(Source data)
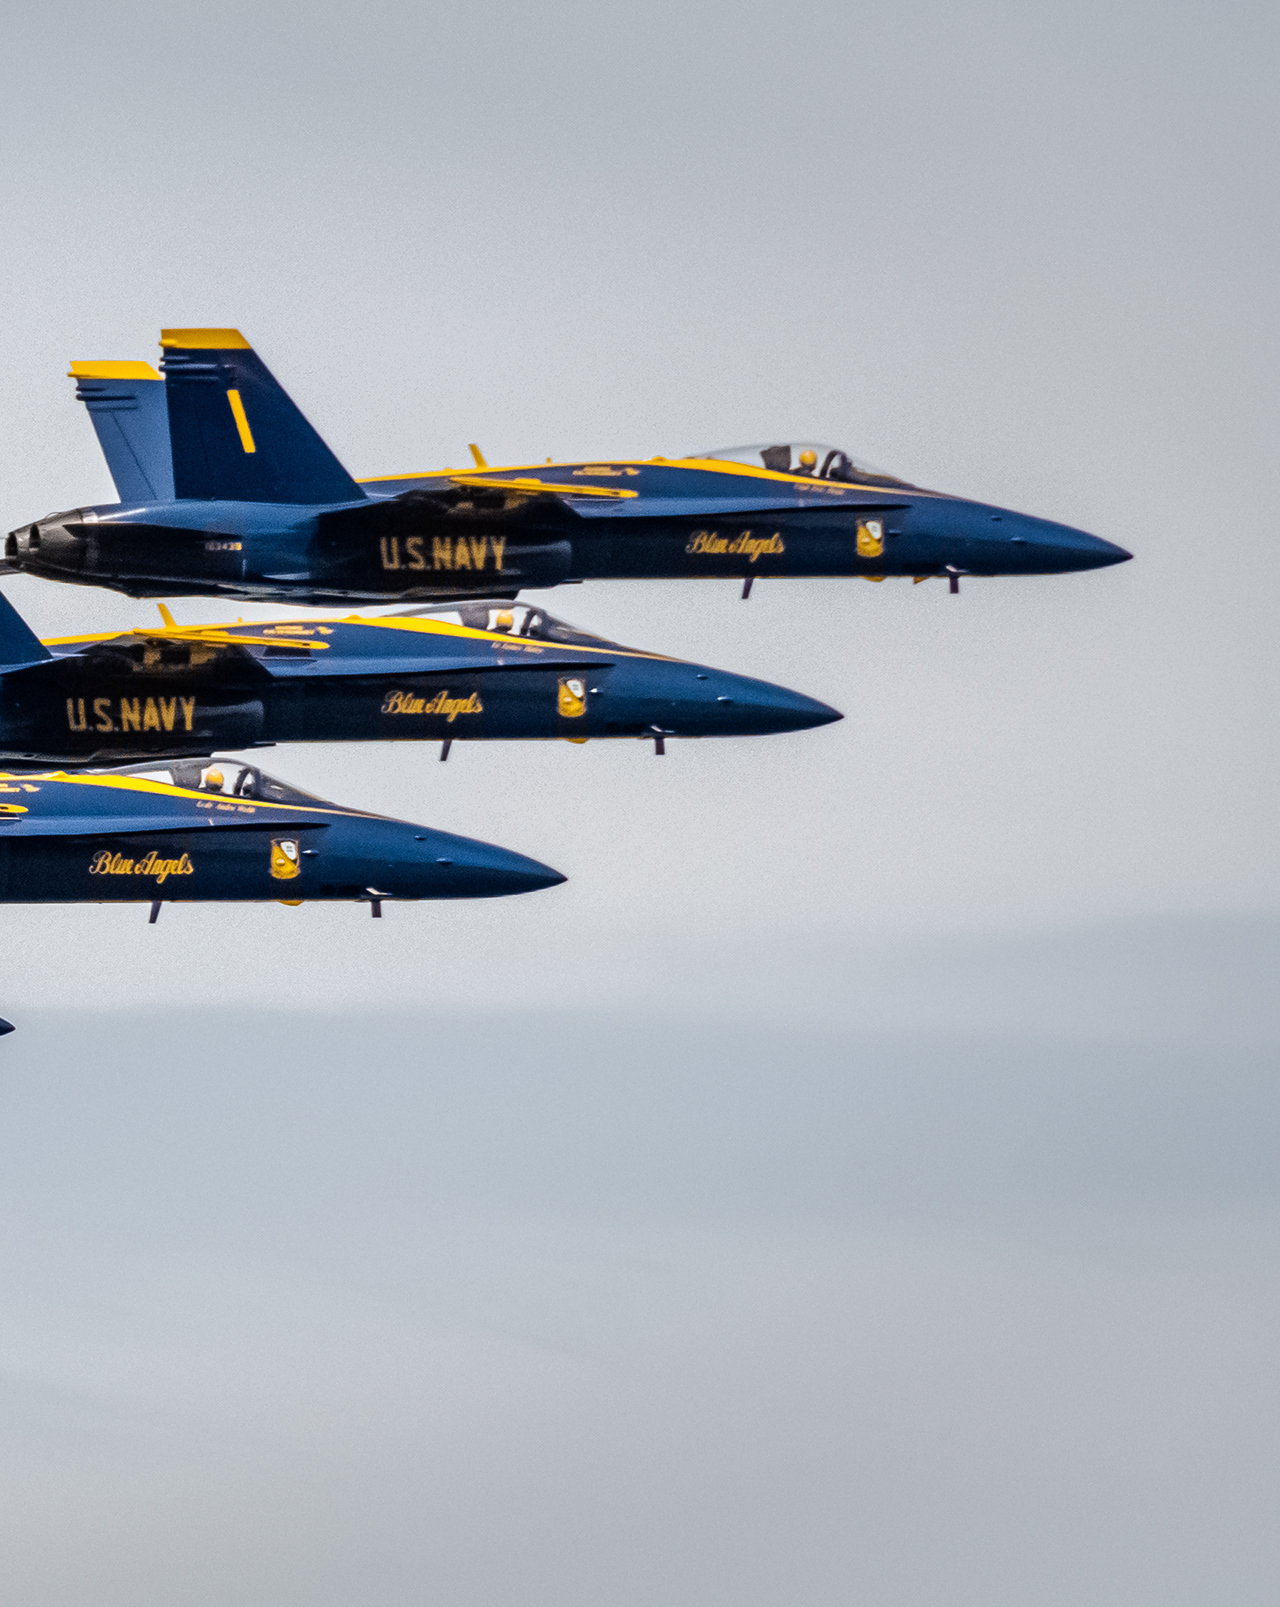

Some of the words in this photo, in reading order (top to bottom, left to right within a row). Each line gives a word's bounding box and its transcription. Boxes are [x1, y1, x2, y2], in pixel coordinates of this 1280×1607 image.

[227, 389, 256, 453] 1
[685, 530, 728, 553] Blue
[728, 531, 784, 563] Angels
[381, 690, 426, 713] Blue
[425, 690, 483, 722] Angels
[89, 850, 134, 874] Blue
[134, 850, 194, 884] Angels
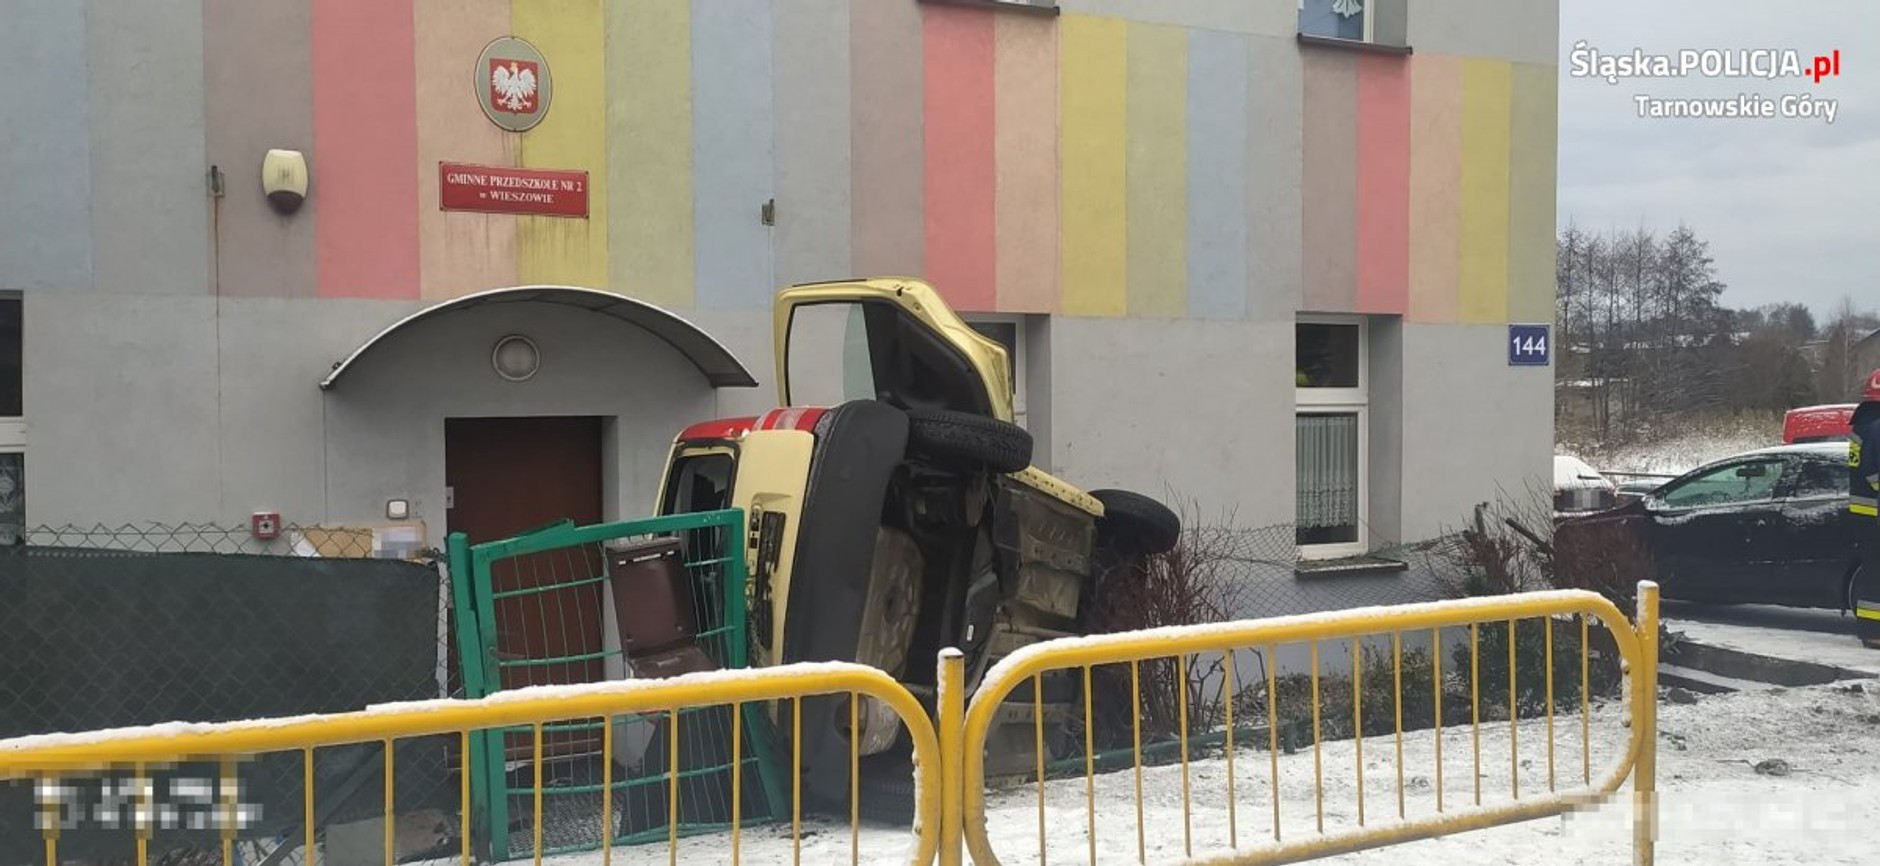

**Description of the task:**
Please repeat every record above exactly, leaving the pictures out.

**Solution to the exercise:**
Some of the words in this photo, in reading order (top to bottom, left to right within a row). Each line gives a word's bounding box and its transcription. Boxes are [x1, y1, x2, y2], in pixel coordinates of this 1280×1607 image.

[227, 389, 256, 453] 1
[685, 530, 728, 553] Blue
[728, 531, 784, 563] Angels
[381, 690, 426, 713] Blue
[425, 690, 483, 722] Angels
[89, 850, 134, 874] Blue
[134, 850, 194, 884] Angels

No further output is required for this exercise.